■ **Exercise brief**
Please keep the images out and set down the data exactly as given.

━━━━━━━━━━━━━━━━━━━━

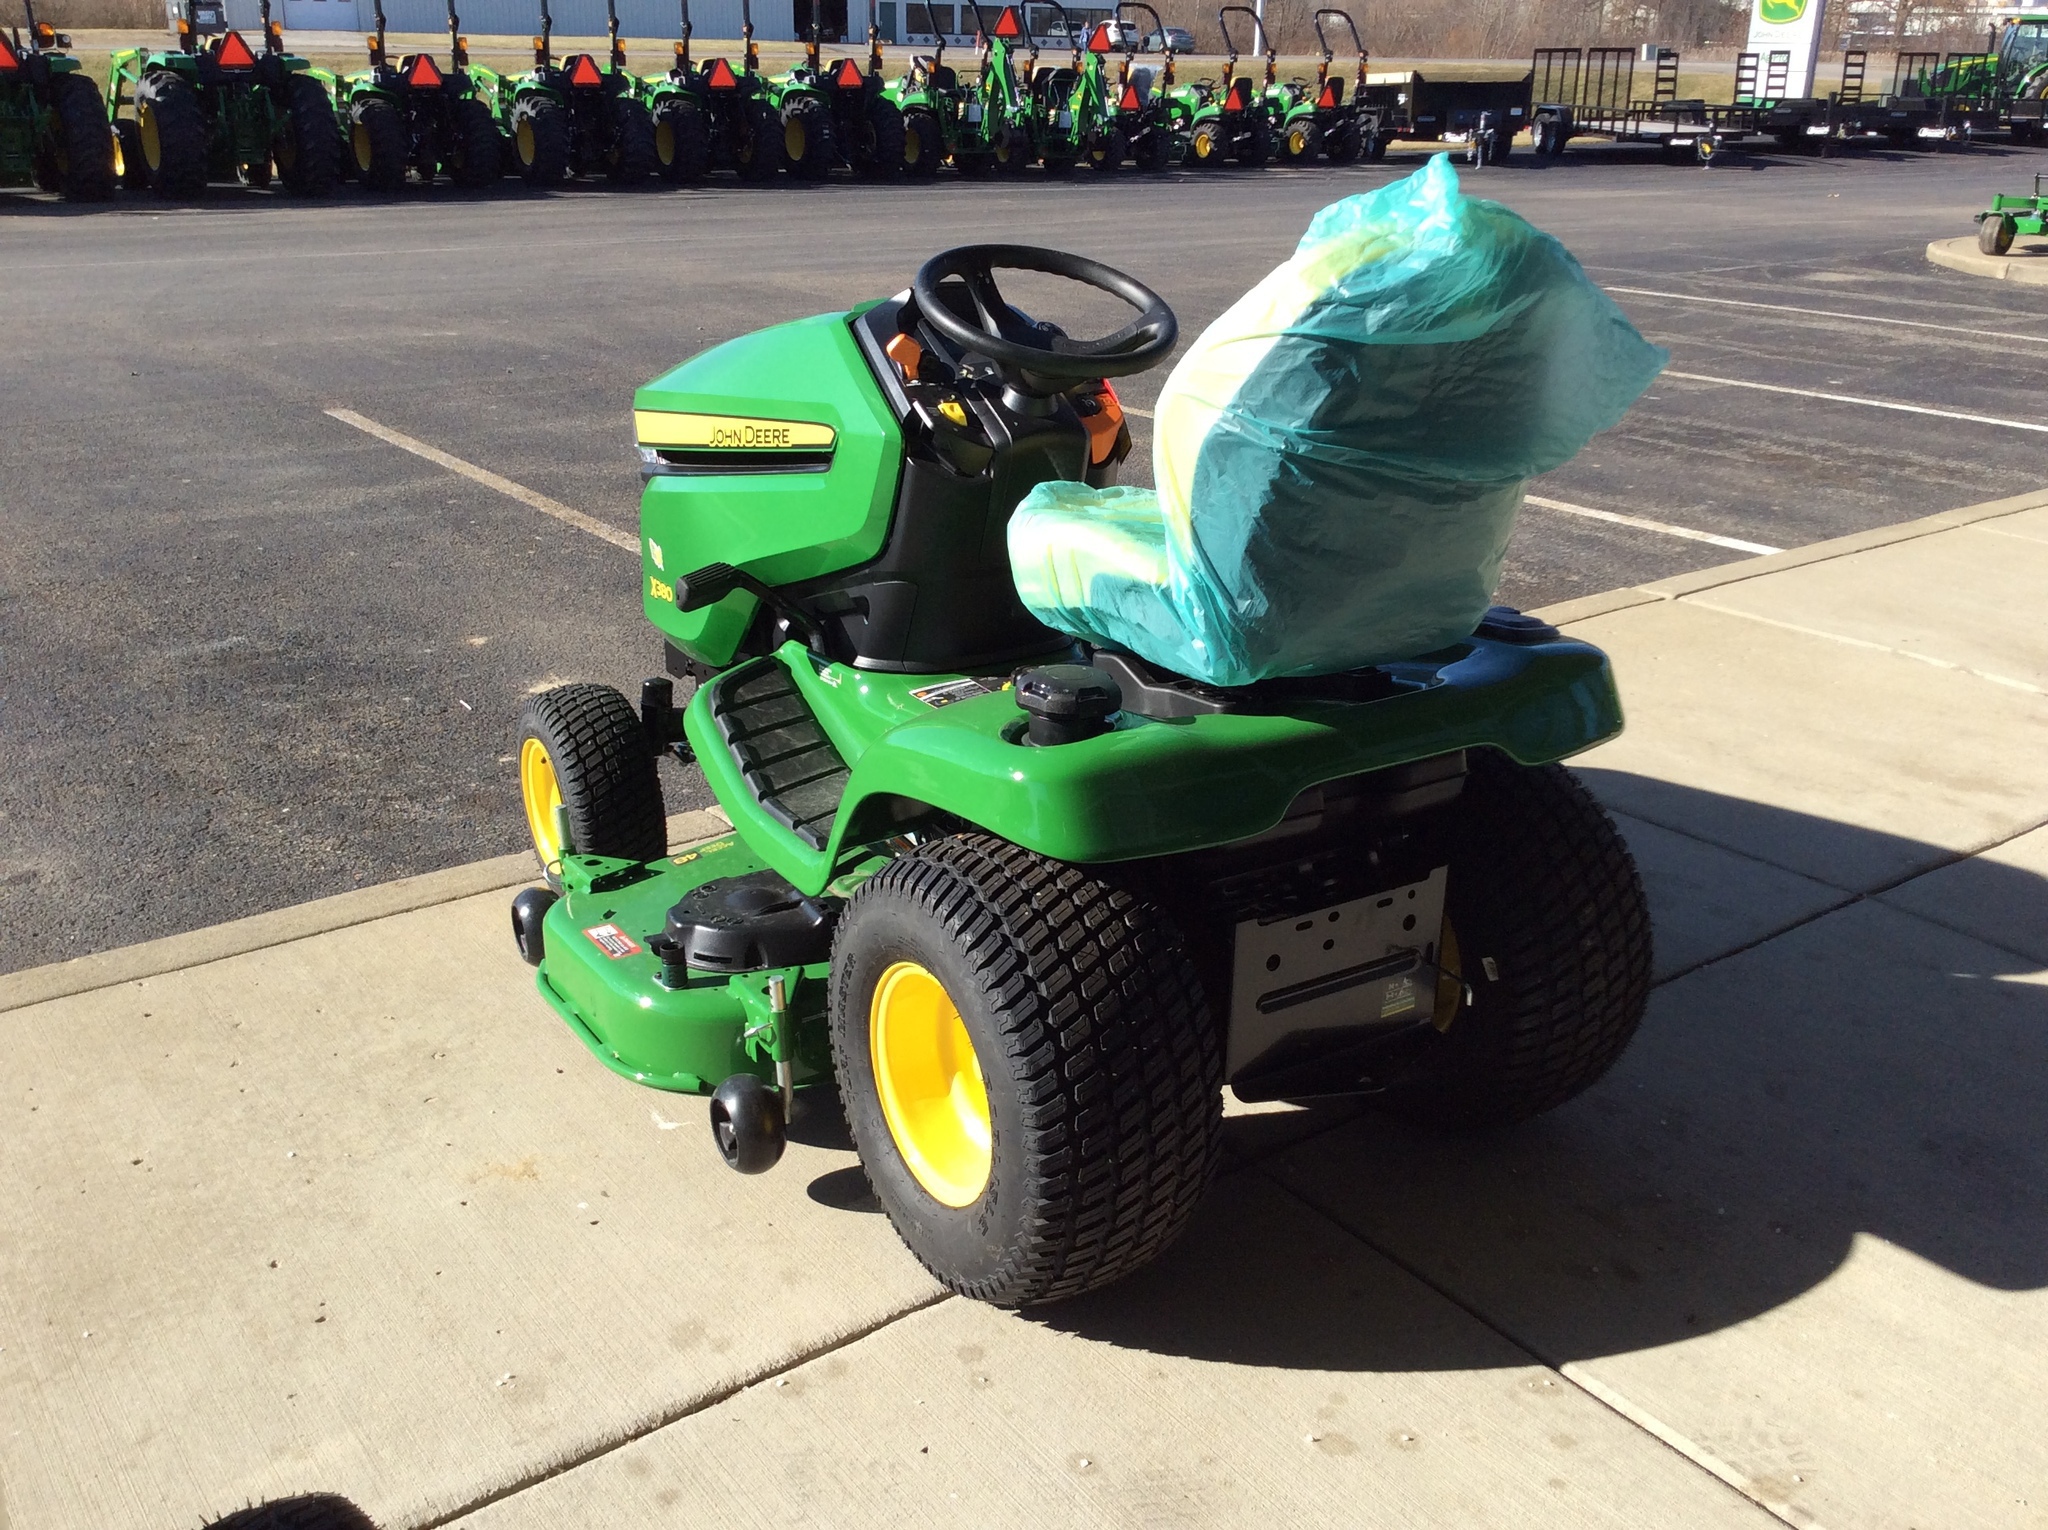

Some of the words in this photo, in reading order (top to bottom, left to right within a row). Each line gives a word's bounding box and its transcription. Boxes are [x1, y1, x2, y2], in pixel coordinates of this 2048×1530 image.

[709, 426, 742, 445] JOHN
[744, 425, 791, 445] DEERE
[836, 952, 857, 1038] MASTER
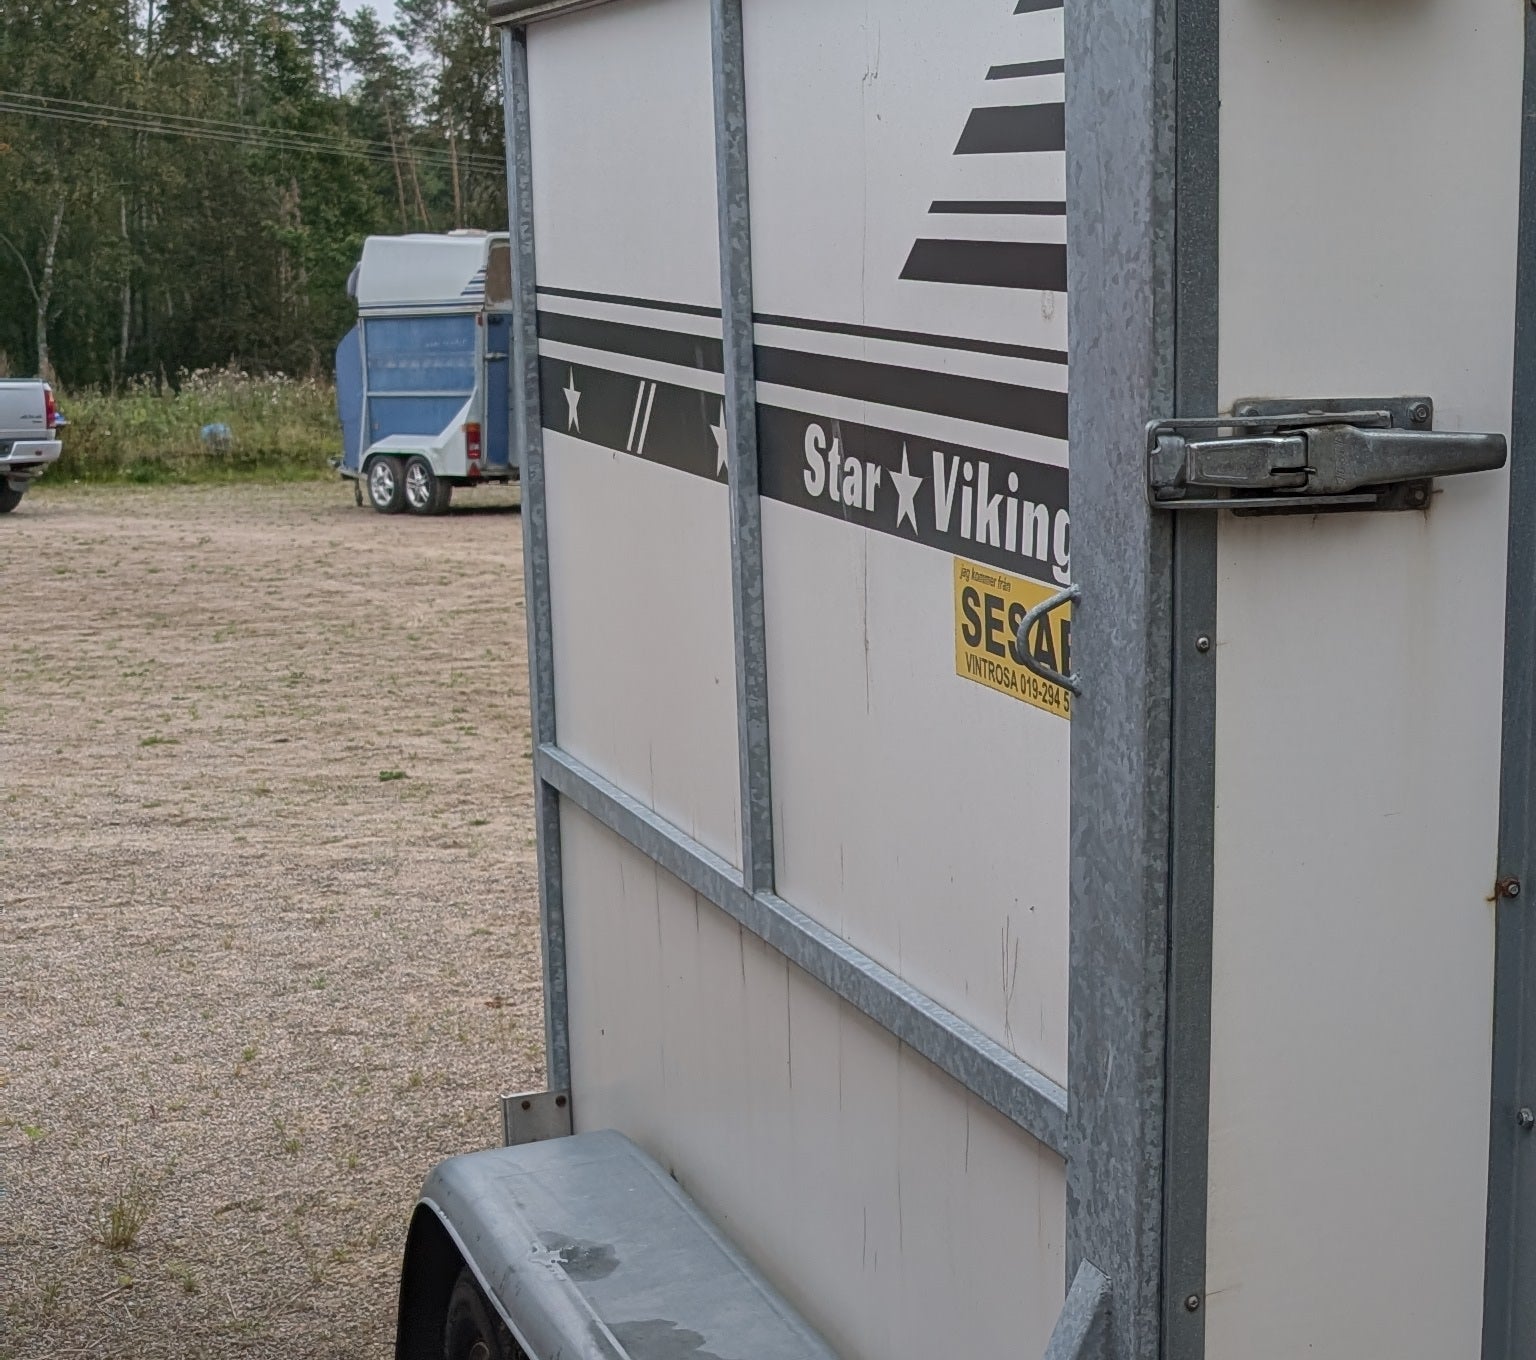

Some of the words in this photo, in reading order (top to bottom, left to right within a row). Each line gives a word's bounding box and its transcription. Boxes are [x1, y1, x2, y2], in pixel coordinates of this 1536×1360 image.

━━━━━━━━━━━━━━━━━━━━

■ **Output for this exercise**
Some of the words in this photo, in reading order (top to bottom, left to right within a row). Each line gives a word's bounding box and its transcription. Boxes are [x1, y1, x2, y2], in pixel coordinates of this 2048×1530 image.

[709, 426, 742, 445] JOHN
[744, 425, 791, 445] DEERE
[836, 952, 857, 1038] MASTER

Some of the words in this photo, in reading order (top to bottom, left to right within a row). Each line gives a word's bounding box and its transcription. Boxes are [x1, y1, x2, y2], in pixel coordinates of this 1536×1360 image.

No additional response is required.